** Task requirements **
The answer is the full set of records, given again exactly and without images.

(Material shown begins)

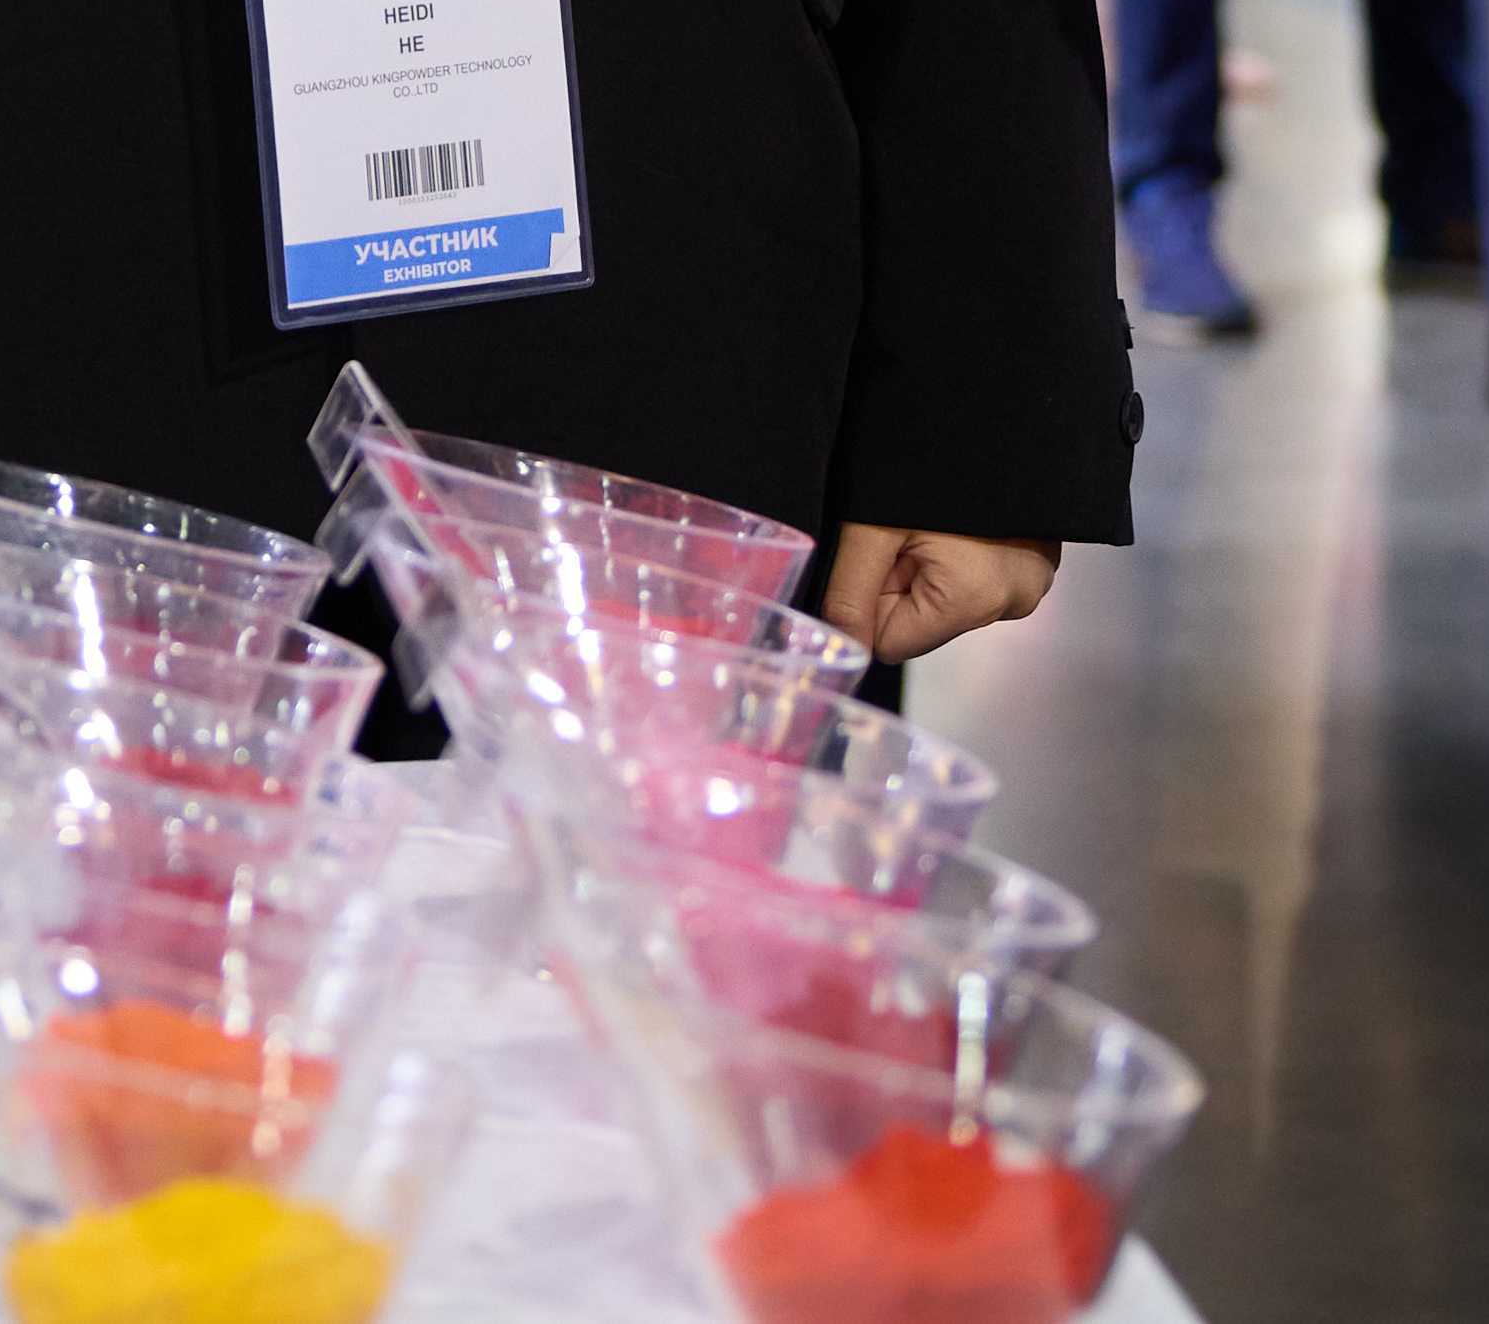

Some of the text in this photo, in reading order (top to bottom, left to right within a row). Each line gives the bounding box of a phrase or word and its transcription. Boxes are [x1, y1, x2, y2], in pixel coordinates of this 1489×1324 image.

[384, 3, 434, 24] HEIDI
[398, 35, 425, 53] HE
[293, 54, 533, 96] GUANGZHOU KINGPOWDER TECHNOLOGY
[354, 225, 499, 266] УЧАСТНИК
[383, 258, 472, 283] EXHIBITOR

(Material shown ends)

** Task solution **
Some of the text in this photo, in reading order (top to bottom, left to right within a row). Each line gives the bounding box of a phrase or word and its transcription. Boxes are [x1, y1, x2, y2], in pixel coordinates of this 1489×1324 image.

[384, 3, 434, 24] HEIDI
[398, 35, 425, 53] HE
[293, 54, 533, 96] GUANGZHOU KINGPOWDER TECHNOLOGY
[354, 225, 499, 266] УЧАСТНИК
[383, 258, 472, 283] EXHIBITOR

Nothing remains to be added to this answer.